# Extracted data:
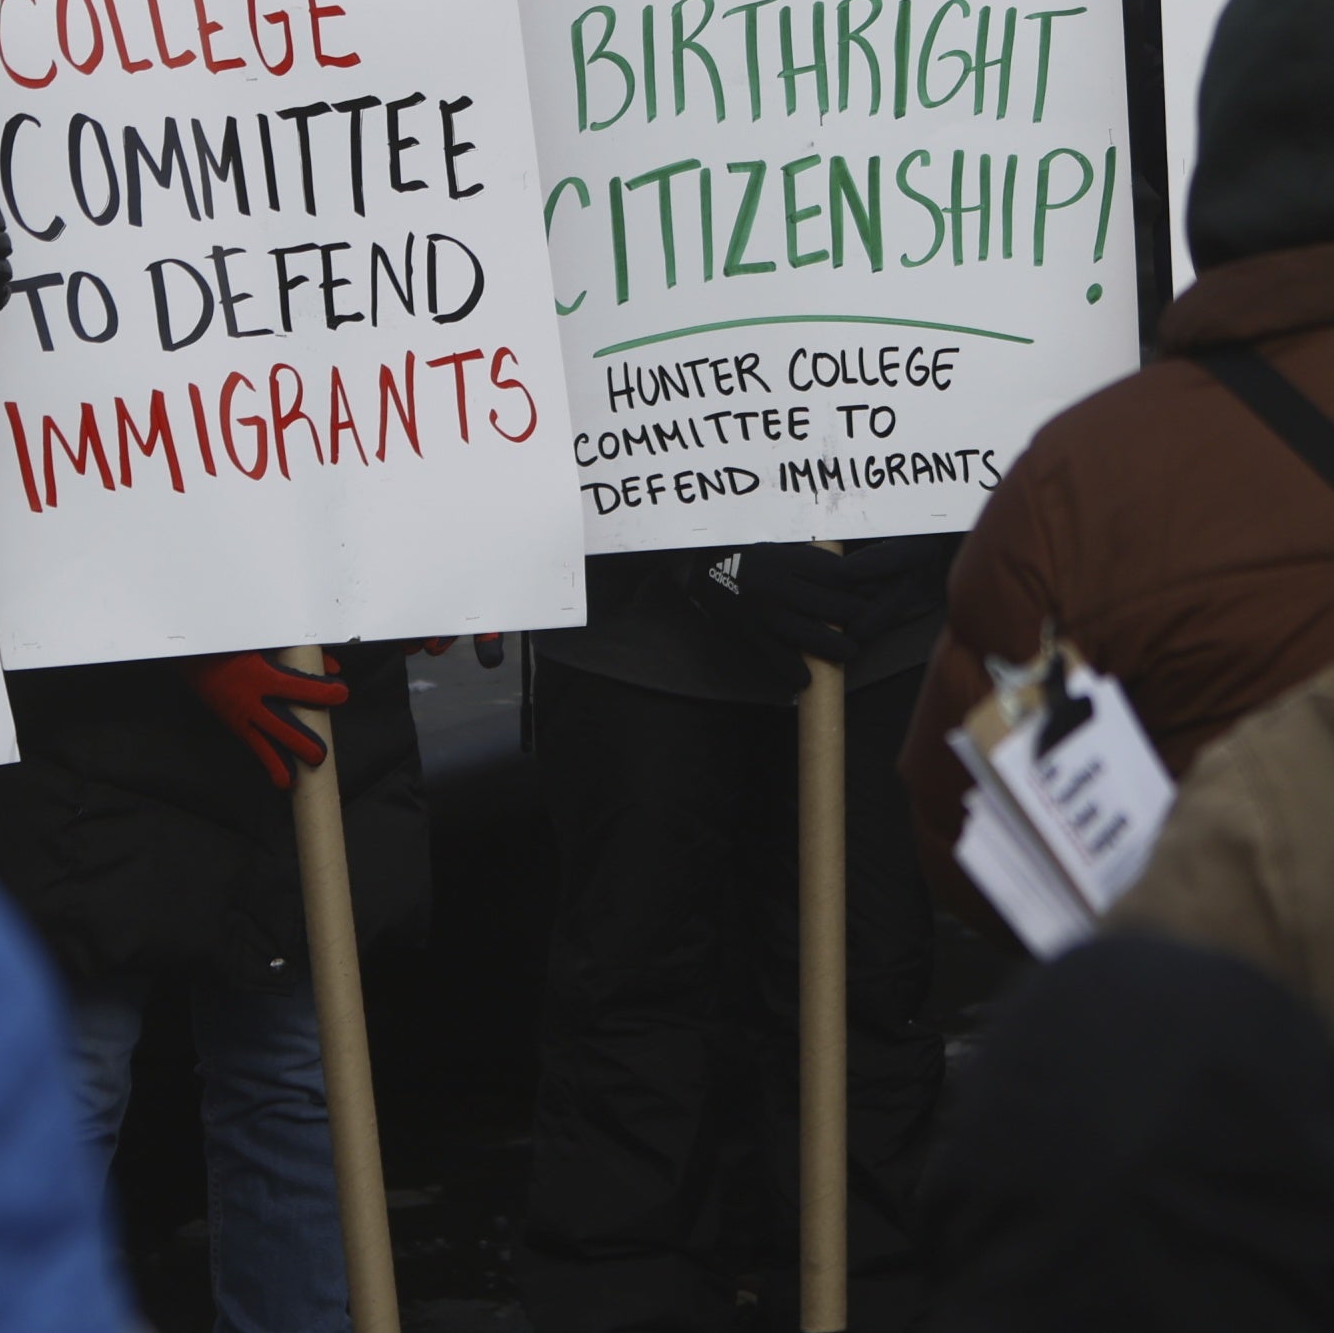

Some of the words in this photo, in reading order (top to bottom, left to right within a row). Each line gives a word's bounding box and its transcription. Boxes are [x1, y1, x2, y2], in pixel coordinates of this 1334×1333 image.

[543, 146, 1118, 317] CITIZENSHIP!
[9, 270, 120, 352] TO
[144, 232, 486, 353] DEFEND
[607, 351, 771, 413] HUNTER
[787, 346, 961, 392] COLLEGE
[4, 345, 538, 514] IMMIGRANTS
[572, 406, 811, 467] COMMITTEE
[836, 404, 897, 440] TO
[580, 466, 761, 515] DEFEND
[778, 447, 1003, 494] IMMIGRANTS
[709, 568, 739, 595] adidas

# Your assignment:
Please print every record above exactly, but leave the pictures out.

# Result:
Some of the words in this photo, in reading order (top to bottom, left to right within a row). Each line gives a word's bounding box and its transcription. Boxes are [x1, y1, x2, y2], in pixel coordinates of this 1334×1333 image.

[543, 146, 1118, 317] CITIZENSHIP!
[9, 270, 120, 352] TO
[144, 232, 486, 353] DEFEND
[607, 351, 771, 413] HUNTER
[787, 346, 961, 392] COLLEGE
[4, 345, 538, 514] IMMIGRANTS
[572, 406, 811, 467] COMMITTEE
[836, 404, 897, 440] TO
[580, 466, 761, 515] DEFEND
[778, 447, 1003, 494] IMMIGRANTS
[709, 568, 739, 595] adidas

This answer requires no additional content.